Last fall, I was adrift. My debut novel had come out a few months before, and I was enduring a period of novelistic postpartum depression I had been warned about, yet somehow never believed in or prepared for. My day-to-day life had reverted, more or less, to its pre-book state, and I sometimes woke up wondering if that beautiful moment of feeling work and intention crystallize into accomplishment had ever really happened.
I live in Tucson, Arizona, surrounded by natural beauty, interesting people, and incredible food, and normally I love being here: I go outside; I soak it in. But in those days following publication, I felt like I couldn’t see or taste or touch anything around me, because I was too busy focusing on what my next accomplishment would be and how I might talk about it one day. Part of the problem was how obsessed I’d allowed myself to become with other people and their opinions, their interest, their validation of my work—social media, which had seemed like a great way to plug into the literary zeitgeist, had since become a way to check whether anyone was talking about me. Sometimes, when the summer heat would crack open into an ecstatic rain shower, I’d stand in my doorway and watch lightning break in the thunderheads at the base of the mountain: threads of electricity flashing through the sky in the distance—instantaneous and then gone. Can I get an Instagram of this? I would wonder. How many people would like it? I knew it was bad. But I wasn’t sure how to fix what was wrong.
One day in November, I received an email inviting me to take part in a new Writer-in-Residence program being launched by the State Library of Arizona. If I accepted, I would spend June through August as the Writer-in-Residence for the Pima County Library system, offering advice and expertise to local writers in exchange for a small stipend. In its basic form, my commitment would involve:
1. Five hours of weekly “office hours” in one or (in my case) two branches, during which anyone could come in and talk to me for a half an hour about writing, 2. Three public presentations (one per month), which were basically short-form writing classes, and 3. Eleven weekly hours spent working on my own projects at any library branch I chose.
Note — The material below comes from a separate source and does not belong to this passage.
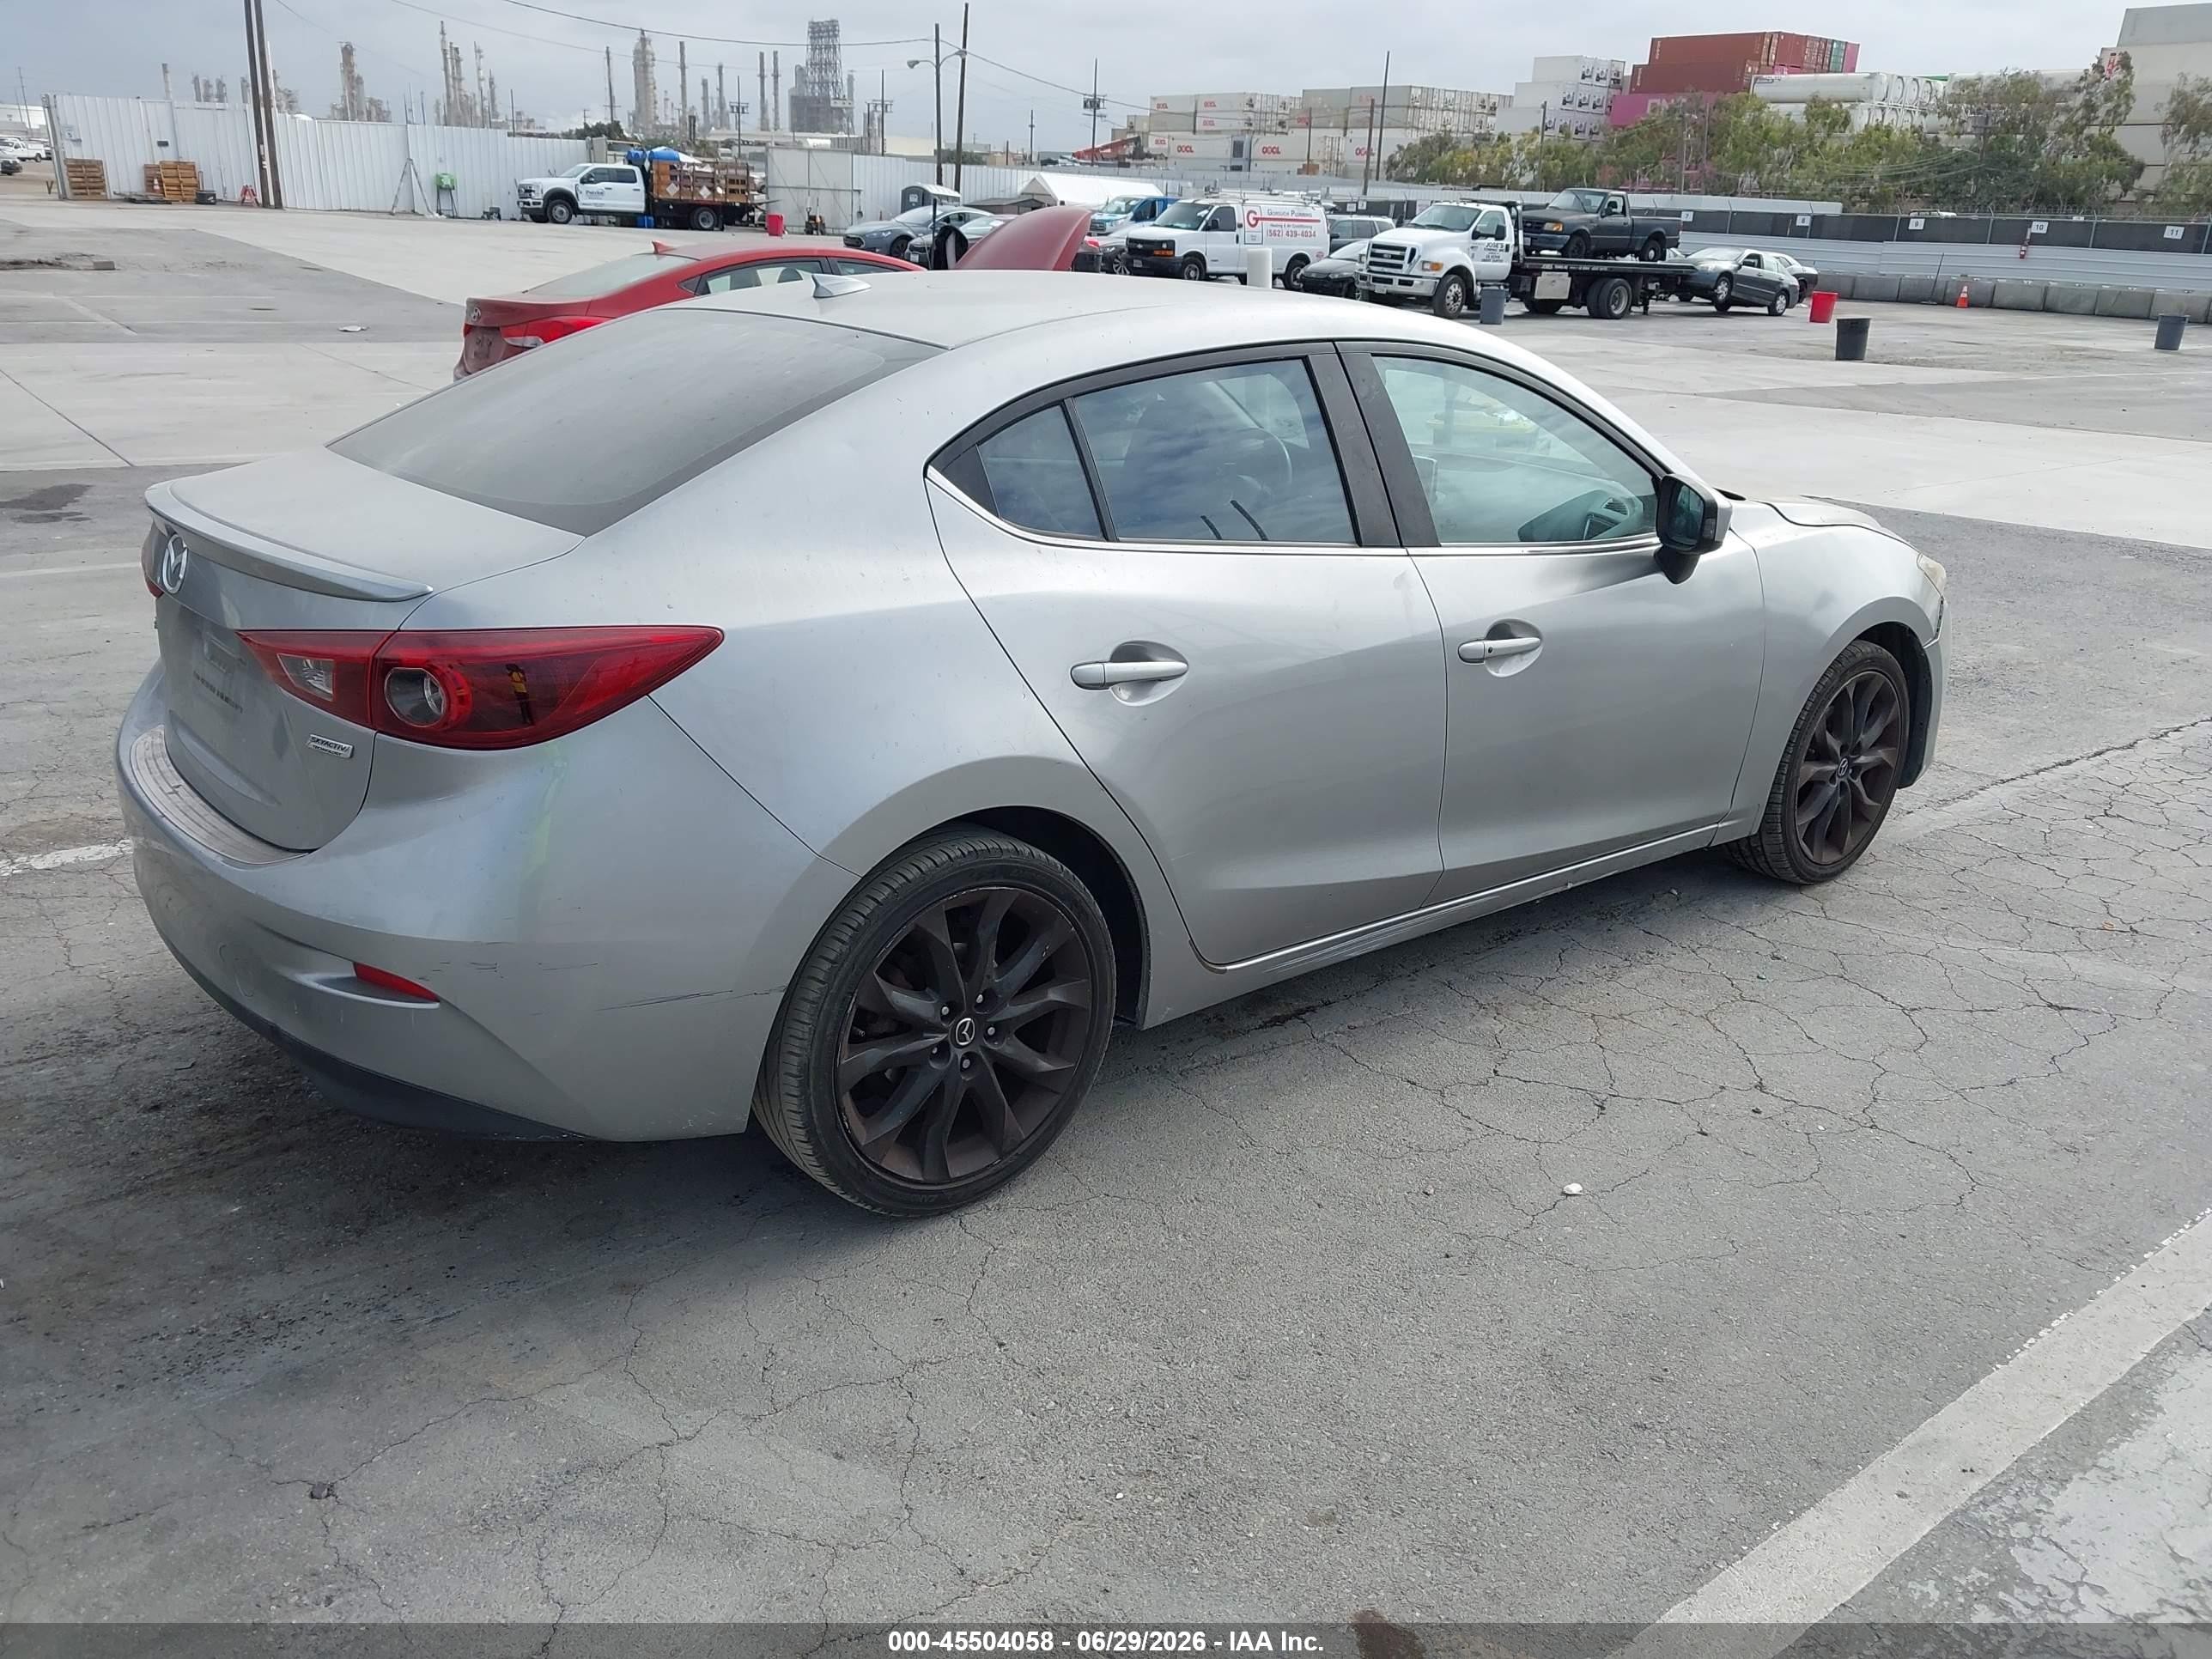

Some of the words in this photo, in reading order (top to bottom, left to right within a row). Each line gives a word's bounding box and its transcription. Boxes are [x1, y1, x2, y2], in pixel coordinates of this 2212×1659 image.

I wrote back immediately to accept— Someone likes me! my internal cheerleader screamed—and over the next few weeks composed several long emails outlining my ideas for public presentations. On a drizzly day in January, I went to the downtown library branch and met some of the librarians I’d be working with, touring the possible meeting rooms where my downtown office hours would take place. I remember feeling a little worried that there was no dedicated office for our personal writing time— Where would I work? I wondered. But it seemed a long way away.
A lot can happen in six months. First the brand-new roof on our less-than-a-year-owned house, which was supposed to last for twenty years, got a bad leak that cost an enormous amount of money to fix and made me feel like my safe home was suddenly vulnerable to dangerous outside forces. The ranch where I’d been taking riding lessons for several years—one of the pleasures I most frequently cited when people asked me why I lived in Tucson and not, say, New York—suddenly folded and, in one of my life’s most impulsive purchases, I bought my beloved mare, Lady, instead of letting her go at auction. Finally, my husband got a great new job, but it involved months of intense interviews and then a great deal of travel. I had been planning to take time off from my day job for the duration of the residency, but instead decided to cut back my hours instead; I needed the money more than I needed the time.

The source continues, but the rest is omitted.